The southwestern cluster produces advanced weaponry and communications systems. Guangdong’s nuclear power generation, Fujian’s satellite communications systems, and Wuhan’s photoelectronic systems and future micro-optical-electro-mechanical integration will enable mobile power solutions and communications hardware and systems development.
The aerospace cluster of Xi’an, Chengdu, and Chongqing will deliver advances in aero engines, avionics, rocketry, military aircraft, helicopters, and traditional weaponry. This cluster forms the test bed for future naval borne aircraft technologies.
Around the Bohai sea, Dalian and Tianjin are focused on developing super large vessels, while Shandong is involved in joint ventures with South Korean shipping firms. Integrating organizations and technologies will help China challenge the shipbuilding industries of Japan and Korea.

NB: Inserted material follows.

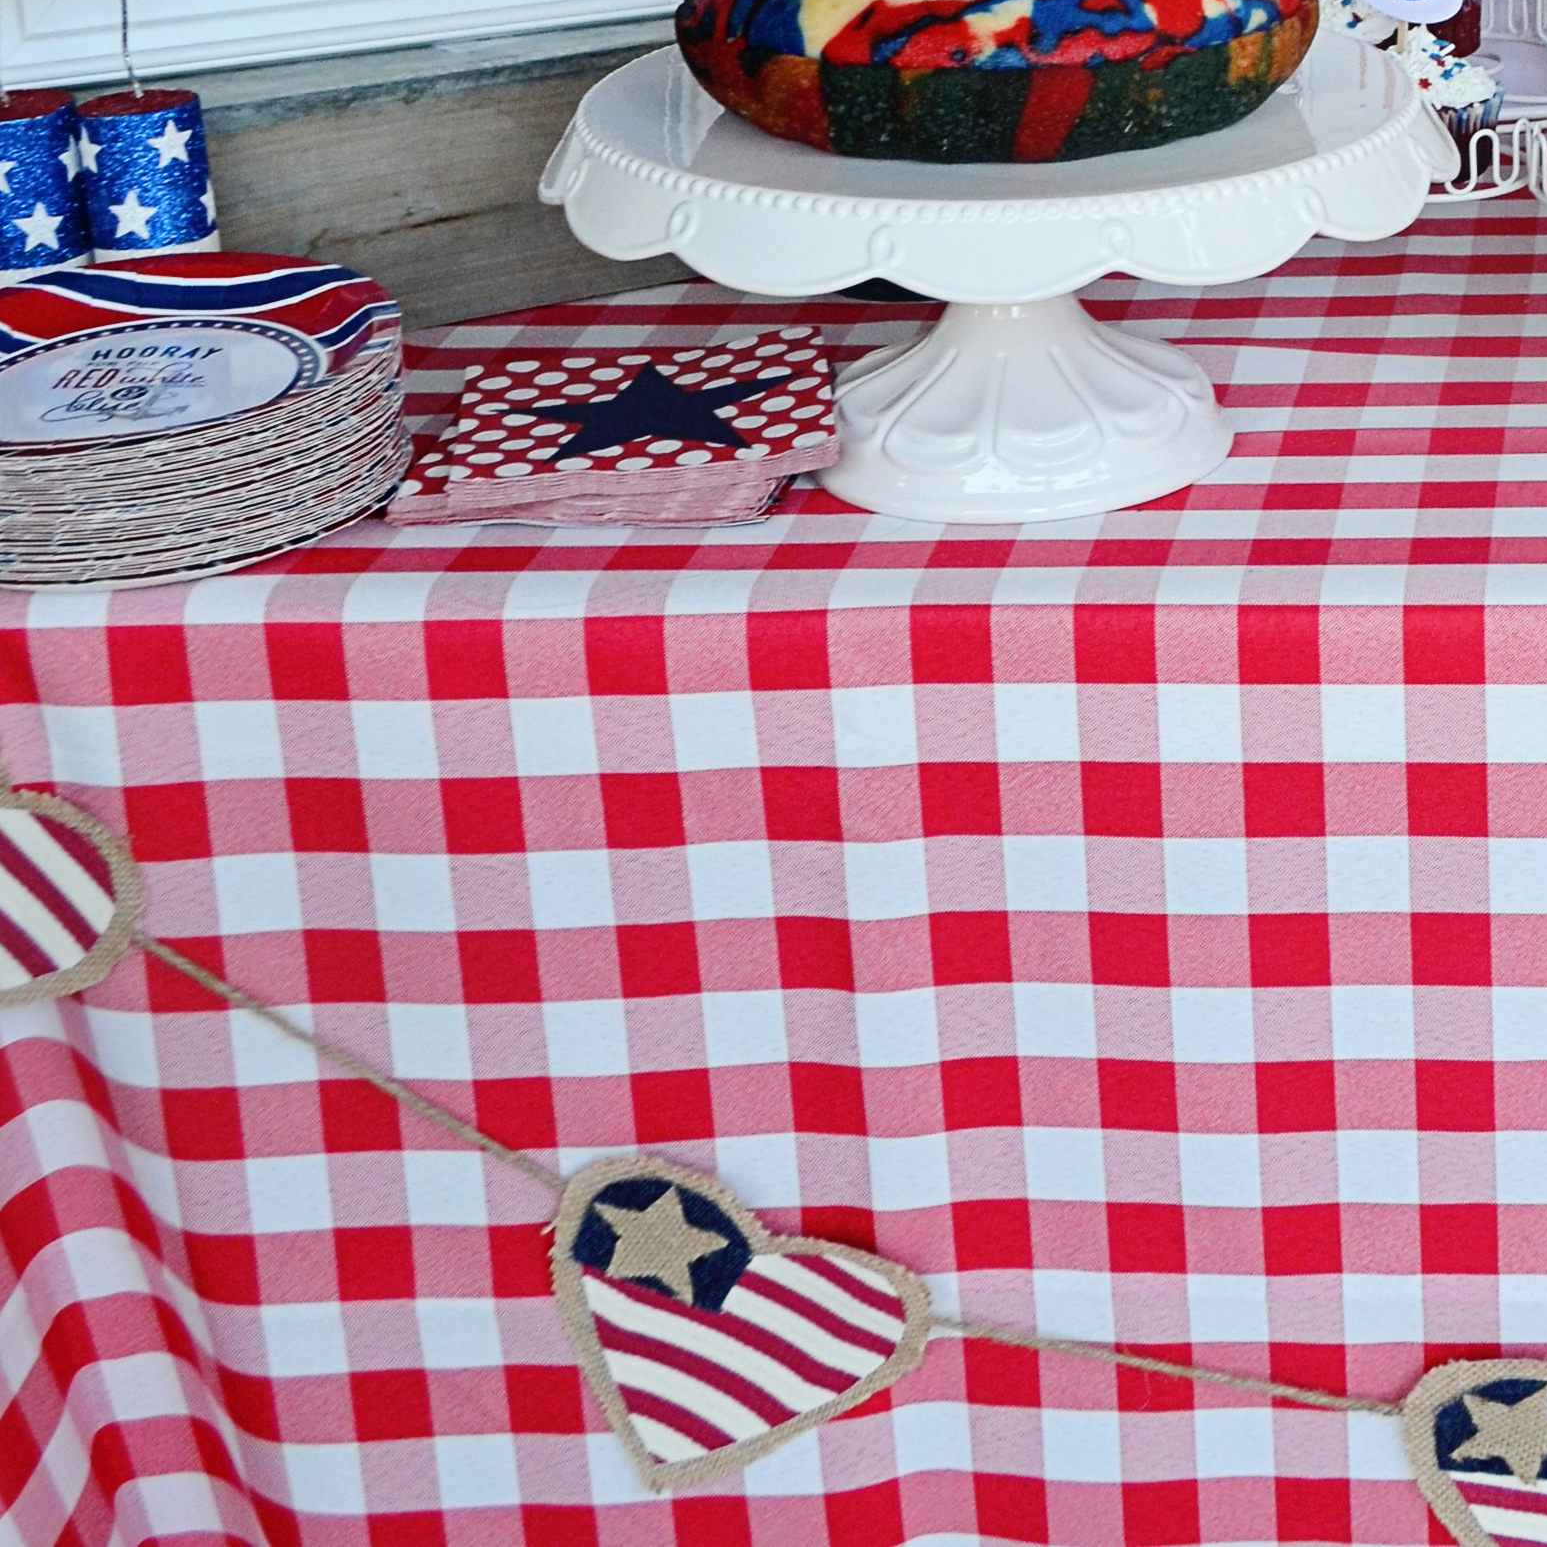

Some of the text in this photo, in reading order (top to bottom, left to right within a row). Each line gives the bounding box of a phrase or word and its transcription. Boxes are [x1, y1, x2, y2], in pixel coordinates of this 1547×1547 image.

[91, 345, 224, 361] HOORAY
[51, 368, 121, 390] RED
[43, 390, 141, 421] blue

Meanwhile, key military aircraft factories in Shenyang and Chengdu, the commercial aviation center in Shanghai, and commercial aviation factories in Tianjin and Harbin constitute a geographically dispersed but organizationally integrated system.
Multisector industrial integration and the transition from foreign technology transfers to domestic innovation will determine the success of China’s future industrial policy strategy.

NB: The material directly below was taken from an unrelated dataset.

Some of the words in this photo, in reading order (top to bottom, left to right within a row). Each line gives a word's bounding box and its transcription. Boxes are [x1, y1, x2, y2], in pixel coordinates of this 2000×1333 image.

In 2014, China experienced a marked slowing of growth in the northeast and widespread industrial overcapacity throughout the economy. Both trends have highlighted the need for an industrial upgrading and restructuring. Policy updates this year have focused on improving industrial complementarities while exploring public and private routes to innovation and R&D.
Commercial technology transfers have been integrated with state industrial policy and military strategy. Current policy pushes into advanced R&D are focused on engineering a transition from technology absorption to genuine innovation.
But the key to watching the growth of industrial technologies that would be of use for aircraft carriers is not geopolitical or military research analysis, but rather analysis of industrial geography, industrial complementarities and clusters, and the various levels of techno-industrial policy directed through them. Infrastructural analysis allows far more accurate projections of future technological path dependencies than waiting for innovation or entrepreneurship to deliver critical technological upgrades.
Expect the 13th Five Year Plan’s techno-industrial policy to focus on technology clustering of benefit to aircraft carrier-related industries: advanced avionics, electronic systems, communications systems, advanced transportation systems, mobile nuclear power systems, and advanced aerospace technologies.
Tristan Kenderdine is a research manager at China Policy in Beijing and a PhD candidate at Australian National University, Crawford School of Public Policy.